*** Opening of Material for this task ***
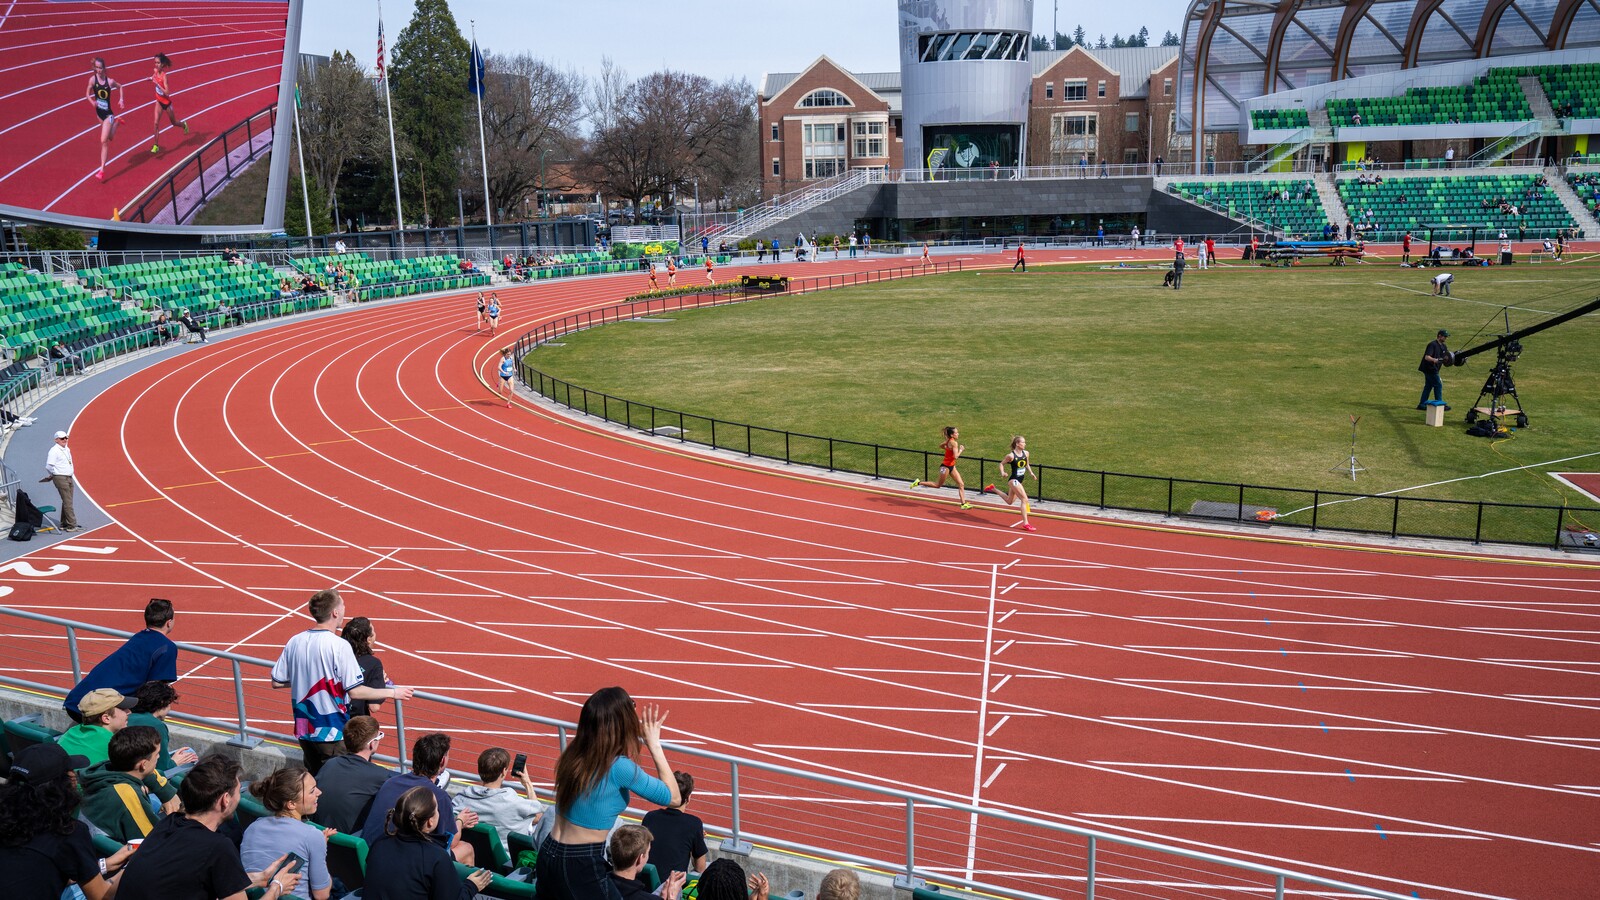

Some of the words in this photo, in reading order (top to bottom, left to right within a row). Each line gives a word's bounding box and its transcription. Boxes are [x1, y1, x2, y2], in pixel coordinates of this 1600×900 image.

[98, 89, 108, 99] O
[1017, 460, 1026, 468] O
[51, 545, 119, 554] 1
[0, 562, 70, 576] 2
*** Close of Material for this task ***
* [What you should do]: Give back all the records as they stand, but with no pictures in the copy.

* [Output for this task]:
Some of the words in this photo, in reading order (top to bottom, left to right within a row). Each line gives a word's bounding box and its transcription. Boxes are [x1, y1, x2, y2], in pixel coordinates of this 1600×900 image.

[98, 89, 108, 99] O
[1017, 460, 1026, 468] O
[51, 545, 119, 554] 1
[0, 562, 70, 576] 2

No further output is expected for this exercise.